• Prompt: Transcribe every line below exactly; no image goes into the output.

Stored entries
=== Section Start ===

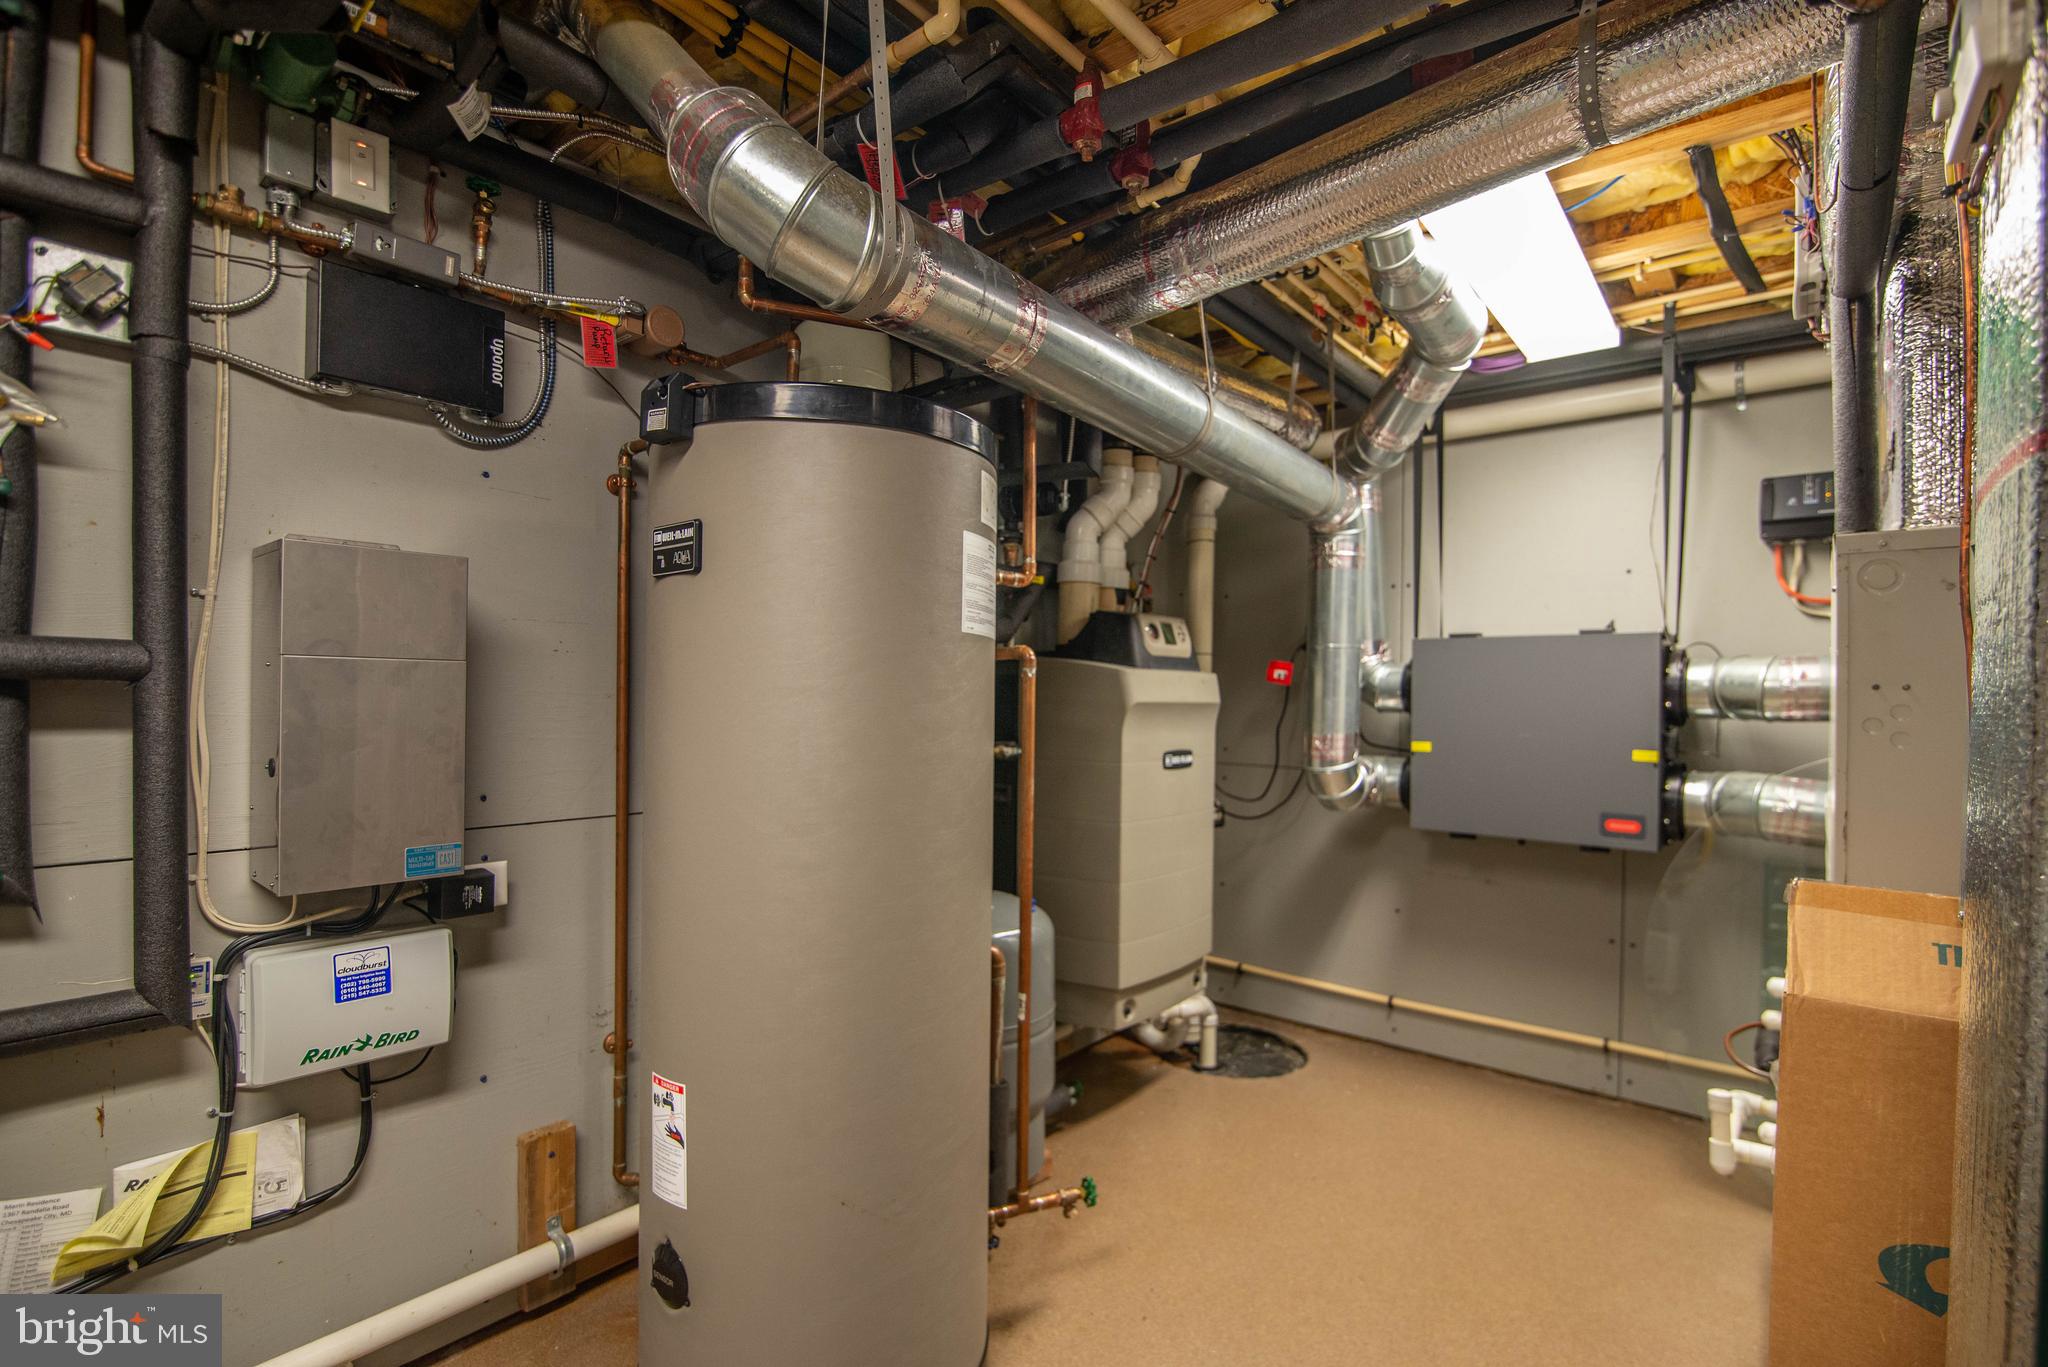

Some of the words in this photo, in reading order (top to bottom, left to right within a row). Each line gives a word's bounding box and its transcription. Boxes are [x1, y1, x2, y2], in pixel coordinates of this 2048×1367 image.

[490, 338, 503, 387] uponor
[337, 960, 387, 975] cloudburst
[299, 1044, 354, 1066] RAIN
[373, 1029, 420, 1049] BIRD
[52, 1203, 70, 1212] Road
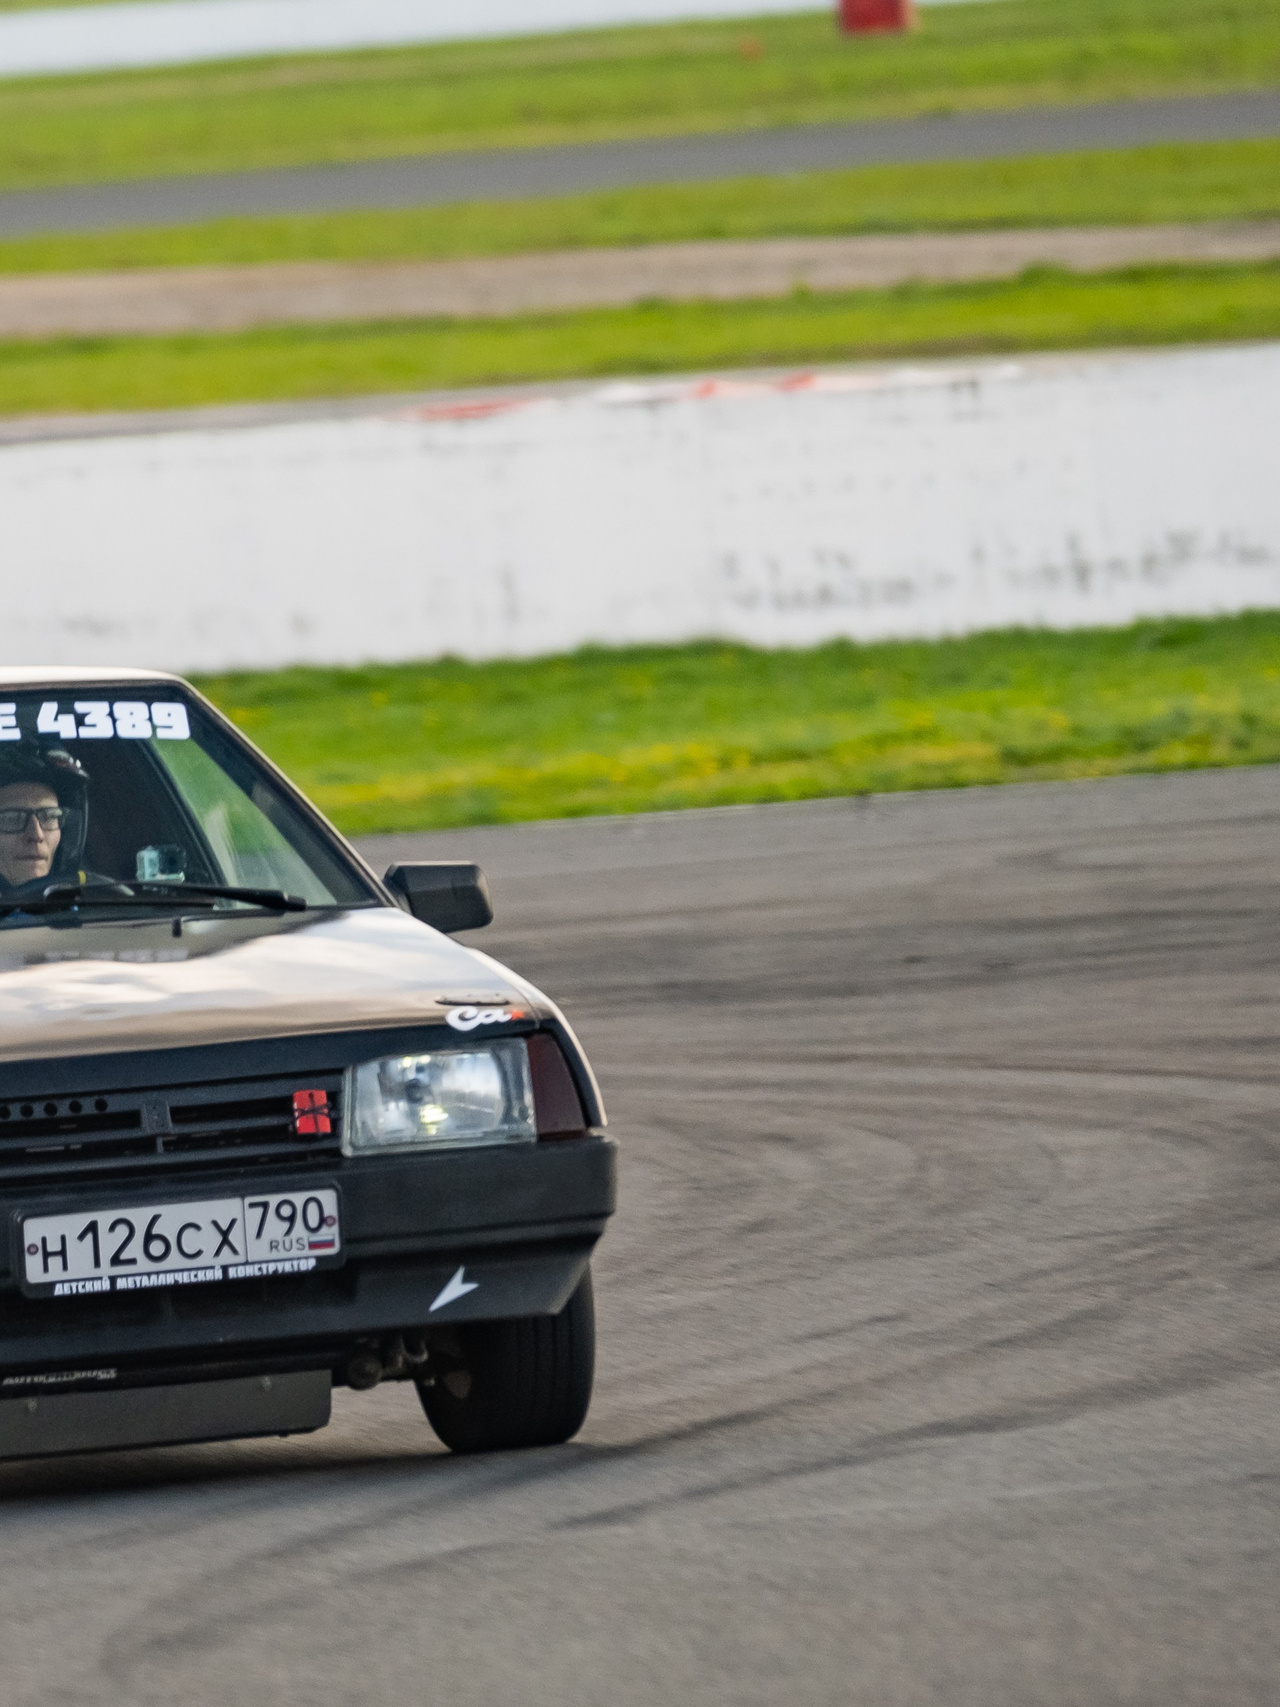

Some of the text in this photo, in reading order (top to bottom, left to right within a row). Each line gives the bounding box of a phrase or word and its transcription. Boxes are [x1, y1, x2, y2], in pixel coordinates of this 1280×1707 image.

[36, 701, 191, 740] 4389
[248, 1196, 325, 1240] 790
[270, 1238, 306, 1253] RUS
[53, 1257, 317, 1296] ДЕТСКИЙ МЕТАЛЛИЧЕСКИЙ КОНСТРУКТОР

=== Section End ===

• Written solution:
Some of the words in this photo, in reading order (top to bottom, left to right within a row). Each line gives a word's bounding box and its transcription. Boxes are [x1, y1, x2, y2], in pixel coordinates of this 2048×1367 image.

[490, 338, 503, 387] uponor
[337, 960, 387, 975] cloudburst
[299, 1044, 354, 1066] RAIN
[373, 1029, 420, 1049] BIRD
[52, 1203, 70, 1212] Road

Some of the text in this photo, in reading order (top to bottom, left to right within a row). Each line gives the bounding box of a phrase or word and its transcription. Boxes are [x1, y1, x2, y2], in pixel coordinates of this 1280×1707 image.

[36, 701, 191, 740] 4389
[248, 1196, 325, 1240] 790
[270, 1238, 306, 1253] RUS
[53, 1257, 317, 1296] ДЕТСКИЙ МЕТАЛЛИЧЕСКИЙ КОНСТРУКТОР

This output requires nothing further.